The simulated calcified and hemorrhagic lesions introduced susceptibilities that were out of the learned susceptibility distribution (Figure 9; Table 2). The synthetic data sets used for network pre-training have a broad susceptibility distribution, thus explaining the lower deviations of the adaptive model without transfer learning to the ground truth. During transfer learning, the adaptive model tailors its weights more specifically to the data distribution of the provided data sets. While we attempted to keep the susceptibility scale invariance during the transfer learning by using a mixture of measured phase data and field forward convolution of COSMOS data sets, the scale invariance of the final adaptive model seems to be more limited. In addition, the data sets used for transfer learning were from healthy subjects and, thus, not equipped with pathological lesions as well as with susceptibilities exceeding ±0.4 ppm. This might explain the larger deviations measured in lesions on susceptibility maps of the adaptive and conventional U-Net (Table 2, Lesion II, turquoise). Augmenting data sets with tissue pathologies in the transfer learning might alleviate this effect.
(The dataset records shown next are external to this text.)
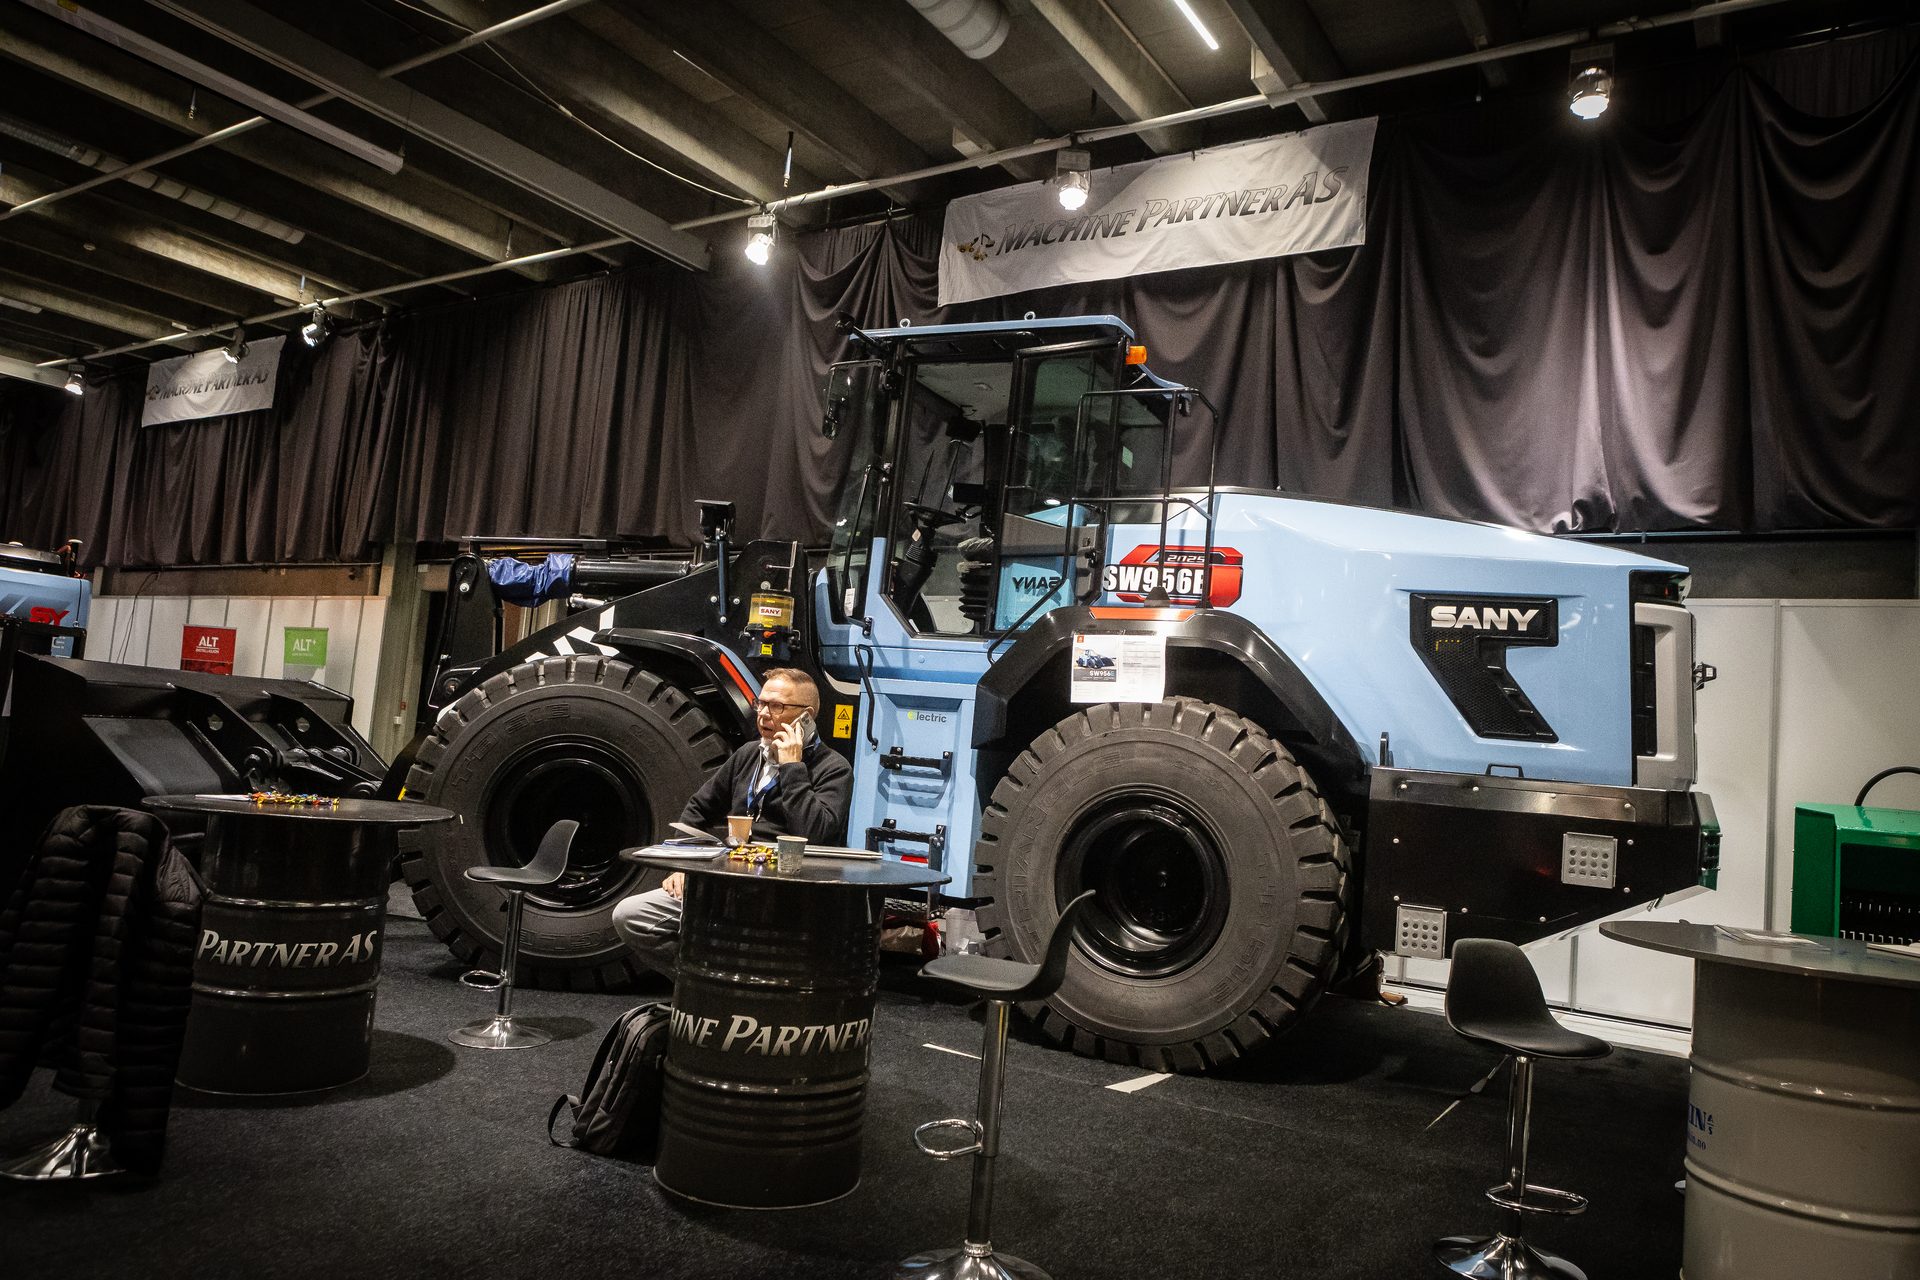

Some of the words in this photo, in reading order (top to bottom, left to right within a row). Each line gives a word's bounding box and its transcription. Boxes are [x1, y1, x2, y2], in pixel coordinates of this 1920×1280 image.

[996, 209, 1136, 256] MACHINE
[1135, 185, 1287, 233] PARTNER
[1284, 166, 1348, 209] AS
[30, 606, 70, 626] SY
[1430, 605, 1539, 631] SANY
[198, 636, 219, 647] ALT
[197, 929, 339, 969] PARTNER
[337, 929, 378, 966] AS
[720, 1014, 870, 1057] PARTNER
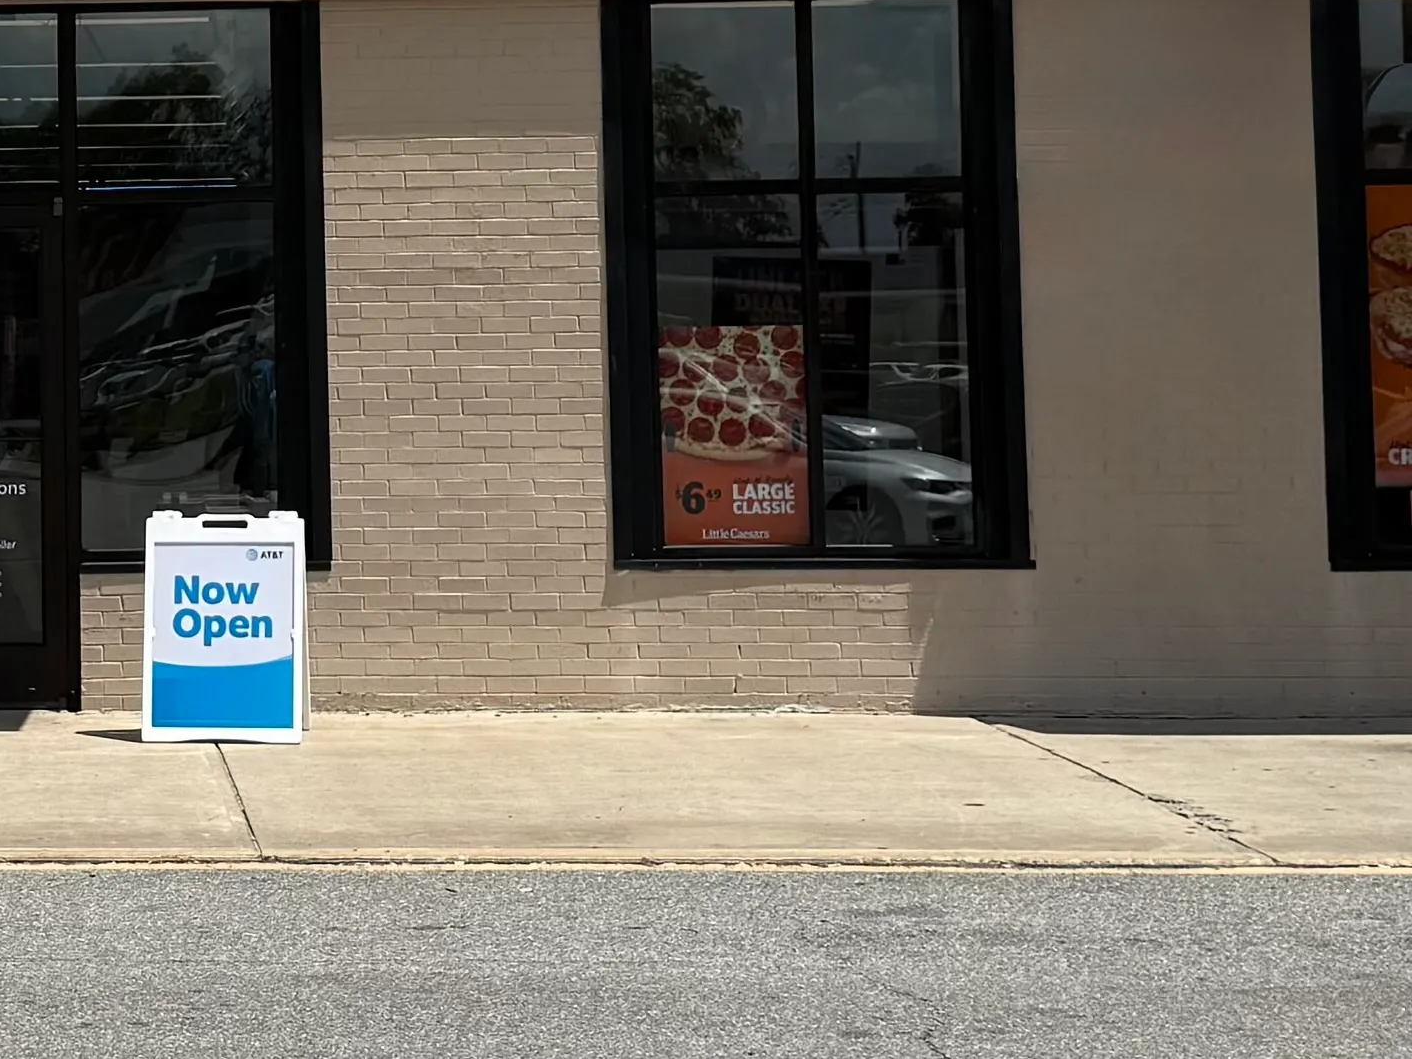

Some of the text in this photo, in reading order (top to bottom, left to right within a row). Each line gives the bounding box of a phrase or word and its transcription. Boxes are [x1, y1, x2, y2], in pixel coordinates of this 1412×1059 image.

[732, 482, 796, 500] LARGE
[732, 500, 796, 515] CLASSIC
[702, 527, 770, 540] Little Caesars
[260, 550, 284, 560] AT&T
[173, 575, 260, 605] Now
[172, 607, 273, 647] Open
As comprehensively outlined in the methods section, we attempted to reduce the discrepancy between simulated data and in vivo data in multiple ways, for instance, less straight and sharp edges as well as Gaussian noise corruption. We also applied a transfer learning strategy to fine-tune the models’ network parameters towards brain data, which resulted in improved metrics and greater visual similarity to the ground truth map (Figure 4). Accordingly, the fine-tuned adaptive model notably increased the quality of computed susceptibility maps. In comparison to Figure 4, the calculated susceptibility maps from our MRI experiments were slightly deteriorated (Figure 10) due to the fact that data from our MRI machine was not seen by the network in the transfer learning procedure. The QSM processing pipeline and the MRI scanner itself are the two main contributors, affecting the local magnetic field distribution that served as input to our network models (QSM Consensus Organization Committee et al., 2024). The choice of the multi-channel coil combination algorithm, the phase unwrapping approach (Robinson et al., 2017) and the background field removal method (Schweser et al., 2017) impact the local magnetic field. Hence, slight variations, e.g., Laplacian-based phase unwrapping or best path phase unwrapping, might manifest for deep learning models in inconsistencies in the computed susceptibility map. Intrinsic scanner specific variations due to the manufacturer or even scanner model (Stamoulou et al., 2022) or the use of different MRI coils (Panman et al., 2019) additionally affect the data, leading to difficulties for deep learning approaches when applied to data from different installations (Yan et al., 2020).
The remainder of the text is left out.